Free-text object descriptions
──────
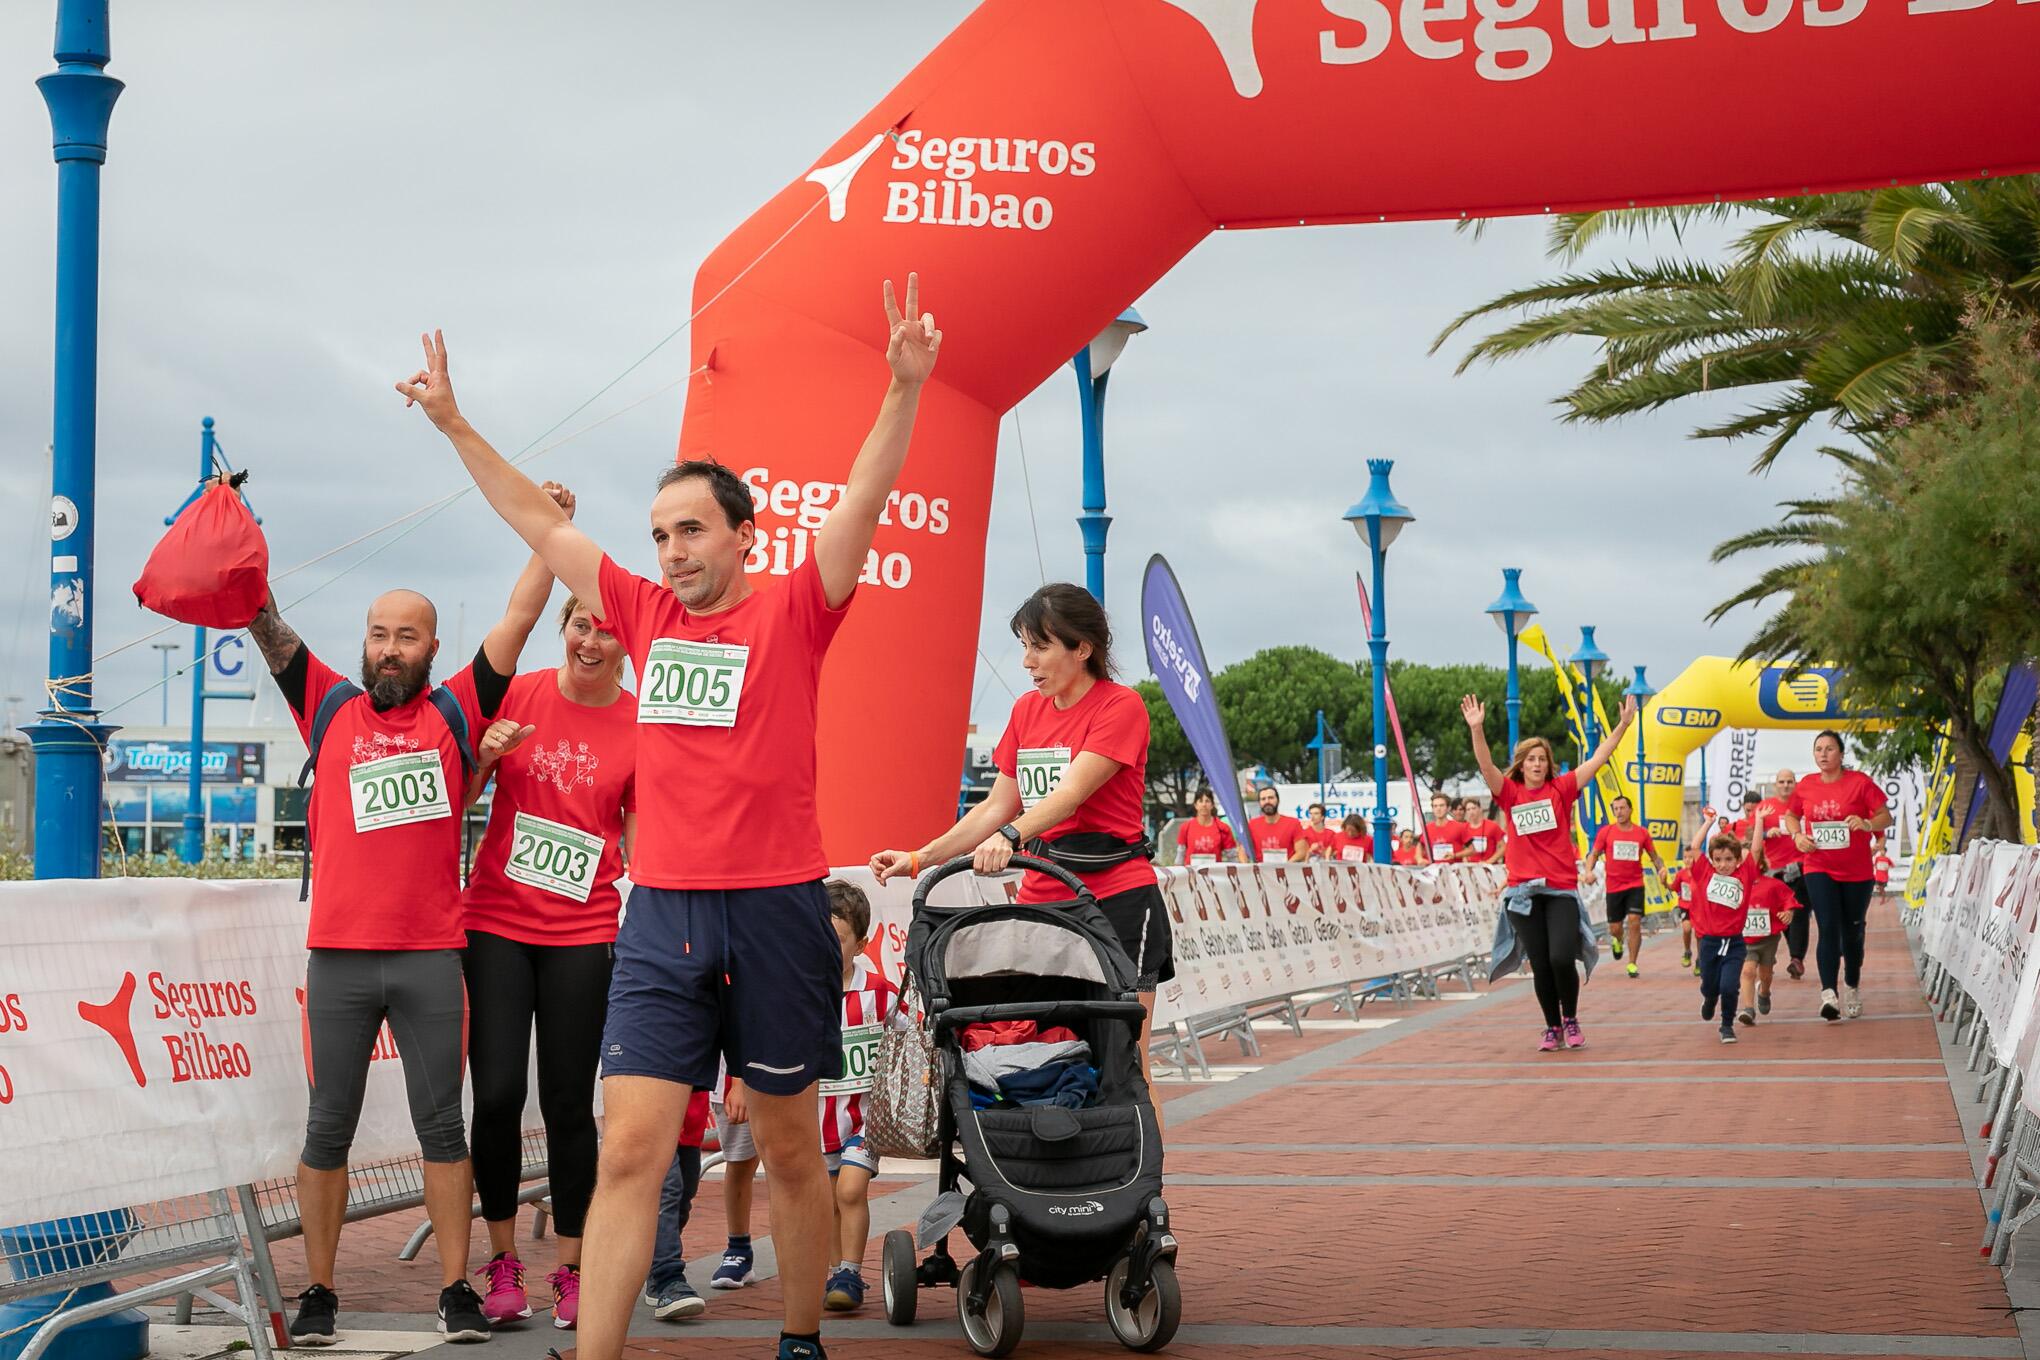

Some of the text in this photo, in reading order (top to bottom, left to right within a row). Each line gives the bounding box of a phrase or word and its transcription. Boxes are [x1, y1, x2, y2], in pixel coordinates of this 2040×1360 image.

[891, 129, 1096, 180] Seguros
[882, 179, 1053, 231] Bilbao
[741, 467, 950, 535] Segros
[743, 526, 912, 590] Bilao
[213, 635, 244, 676] C
[649, 662, 733, 707] 2005
[1685, 709, 1718, 726] BM
[1018, 766, 1062, 797] 005
[1650, 764, 1682, 783] BM
[1727, 729, 1744, 813] CORRE
[362, 771, 438, 814] 2003
[1517, 808, 1550, 828] 2050
[1648, 821, 1677, 838] BM
[1816, 829, 1846, 843] 2043
[513, 834, 589, 882] 2003
[1711, 882, 1741, 903] 2050
[147, 971, 257, 1029] Seguros
[161, 1031, 251, 1083] Bilbao
[842, 1042, 879, 1080] 05
[1048, 1205, 1067, 1215] city
[1069, 1204, 1092, 1213] mini
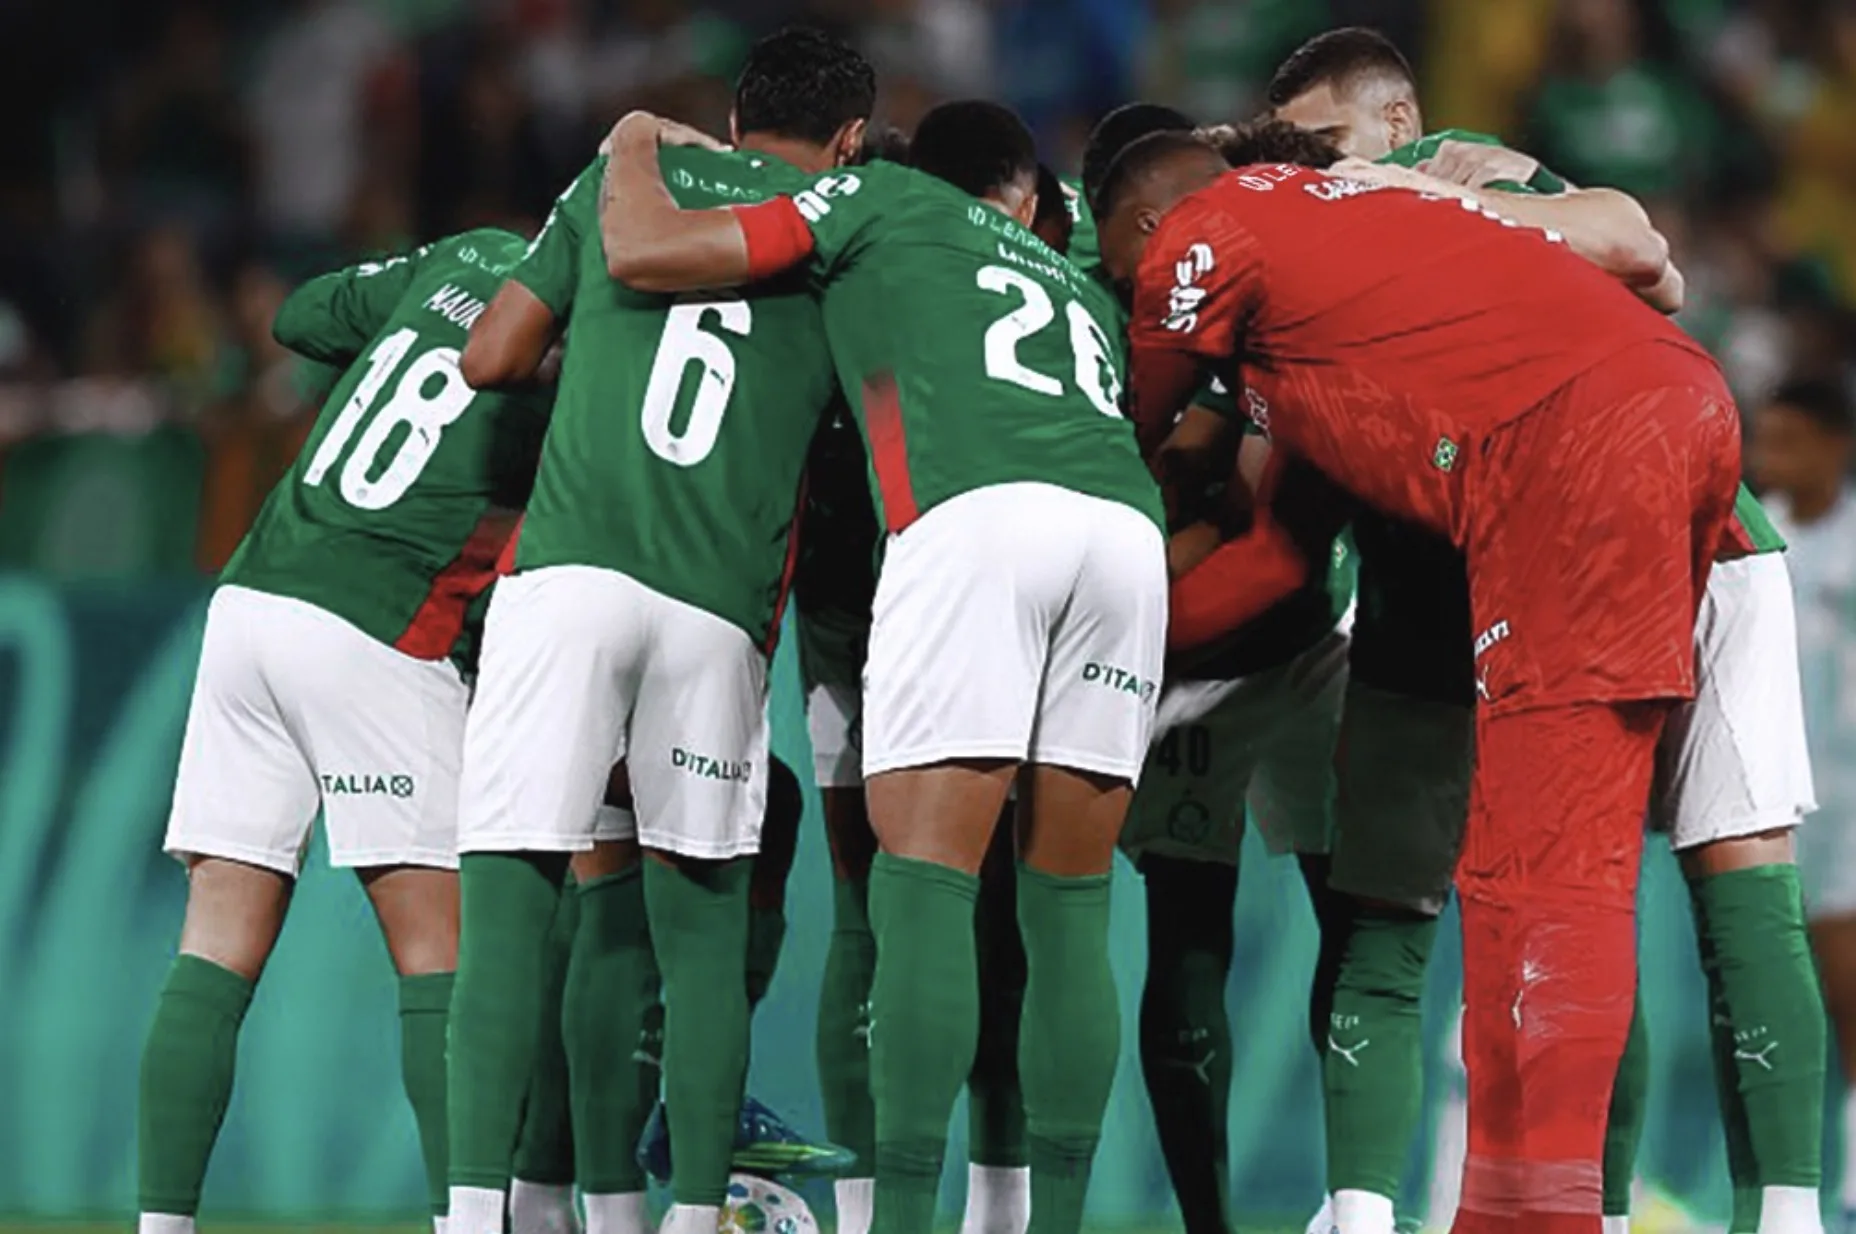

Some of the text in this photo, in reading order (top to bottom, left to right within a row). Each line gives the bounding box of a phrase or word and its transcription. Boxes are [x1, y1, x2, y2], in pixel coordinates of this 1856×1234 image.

[422, 283, 486, 331] MAUR
[641, 299, 752, 466] 6
[977, 264, 1124, 419] 26
[302, 326, 478, 511] 18
[321, 775, 388, 793] TALIA
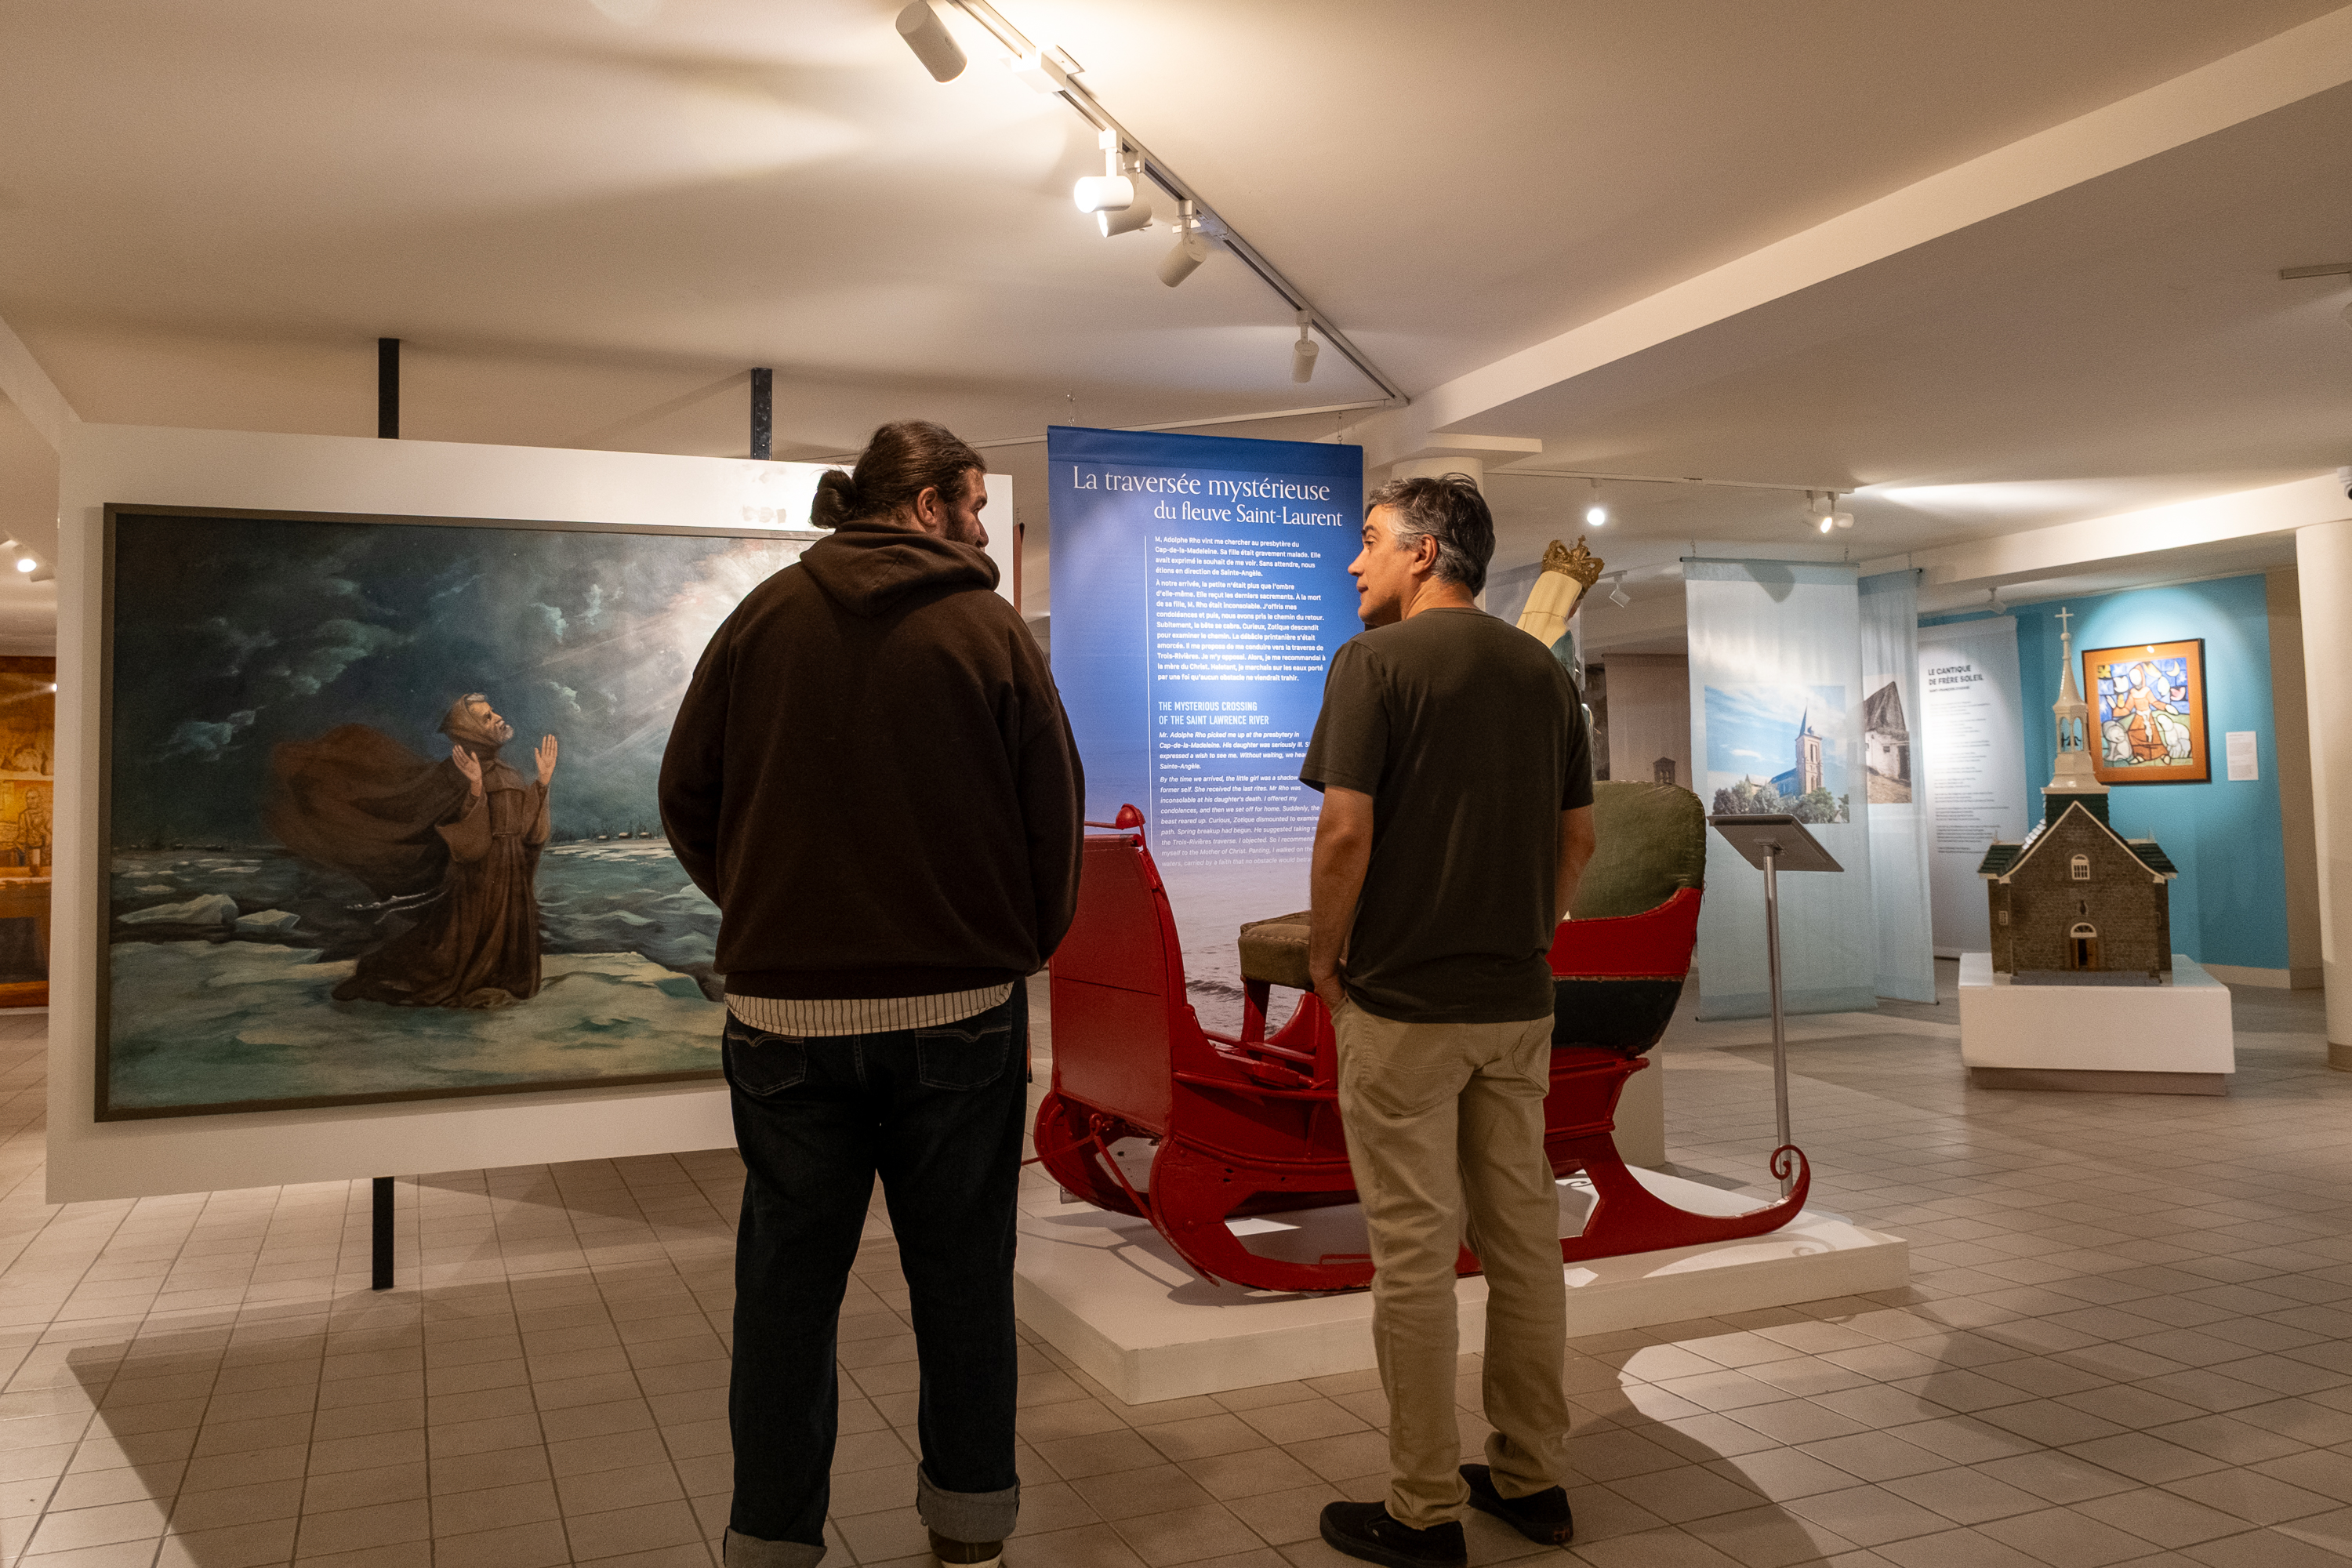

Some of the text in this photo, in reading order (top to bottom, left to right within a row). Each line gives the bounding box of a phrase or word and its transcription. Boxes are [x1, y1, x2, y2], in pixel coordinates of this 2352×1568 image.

[1073, 466, 1330, 503] La traversée mystérieuse
[1154, 500, 1343, 526] du fleuve Saint-Laurent
[1163, 535, 1188, 544] Adolphe
[1259, 539, 1290, 548] presbytère
[1155, 546, 1218, 555] Cap-de-la-Madeleine.
[1171, 557, 1196, 565] exprimé
[1274, 561, 1300, 569] attendre,
[1220, 568, 1262, 578] Sainte-Angèle.
[1156, 578, 1160, 586] À
[1178, 580, 1200, 589] arrivée,
[1208, 581, 1225, 590] petite
[1205, 612, 1220, 620] puis,
[1156, 621, 1192, 630] Subitement,
[1242, 622, 1266, 631] Curieux,
[1267, 623, 1290, 632] Zotique
[1936, 665, 1971, 674] CANTIQUE
[1939, 675, 1958, 684] FRÈRE
[1158, 701, 1257, 711] THE MYSTERIOUS CROSSING
[1158, 715, 1269, 725] OF THE SAINT LAWRENCE RIVER
[1263, 731, 1293, 739] presbytery
[1159, 742, 1221, 750] Cap-de-la-Madeleine.
[1232, 741, 1258, 750] daughter
[1271, 741, 1296, 750] seriously
[1159, 752, 1189, 760] expressed
[1262, 751, 1284, 760] waiting,
[1159, 762, 1201, 771] Sainte-Angèle.
[1160, 775, 1167, 784] By
──────
The answer must be the lines above from the line that contains "this 1856×1234 image." to the final line of the data, word for word, with no pictures.

Some of the text in this photo, in reading order (top to bottom, left to right within a row). Each line gives the bounding box of a phrase or word and its transcription. Boxes are [x1, y1, x2, y2], in pixel coordinates of this 1856×1234 image.

[422, 283, 486, 331] MAUR
[641, 299, 752, 466] 6
[977, 264, 1124, 419] 26
[302, 326, 478, 511] 18
[321, 775, 388, 793] TALIA

Some of the text in this photo, in reading order (top to bottom, left to right within a row). Each line gives the bounding box of a phrase or word and its transcription. Boxes are [x1, y1, x2, y2], in pixel coordinates of this 2352×1568 image.

[1073, 466, 1330, 503] La traversée mystérieuse
[1154, 500, 1343, 526] du fleuve Saint-Laurent
[1163, 535, 1188, 544] Adolphe
[1259, 539, 1290, 548] presbytère
[1155, 546, 1218, 555] Cap-de-la-Madeleine.
[1171, 557, 1196, 565] exprimé
[1274, 561, 1300, 569] attendre,
[1220, 568, 1262, 578] Sainte-Angèle.
[1156, 578, 1160, 586] À
[1178, 580, 1200, 589] arrivée,
[1208, 581, 1225, 590] petite
[1205, 612, 1220, 620] puis,
[1156, 621, 1192, 630] Subitement,
[1242, 622, 1266, 631] Curieux,
[1267, 623, 1290, 632] Zotique
[1936, 665, 1971, 674] CANTIQUE
[1939, 675, 1958, 684] FRÈRE
[1158, 701, 1257, 711] THE MYSTERIOUS CROSSING
[1158, 715, 1269, 725] OF THE SAINT LAWRENCE RIVER
[1263, 731, 1293, 739] presbytery
[1159, 742, 1221, 750] Cap-de-la-Madeleine.
[1232, 741, 1258, 750] daughter
[1271, 741, 1296, 750] seriously
[1159, 752, 1189, 760] expressed
[1262, 751, 1284, 760] waiting,
[1159, 762, 1201, 771] Sainte-Angèle.
[1160, 775, 1167, 784] By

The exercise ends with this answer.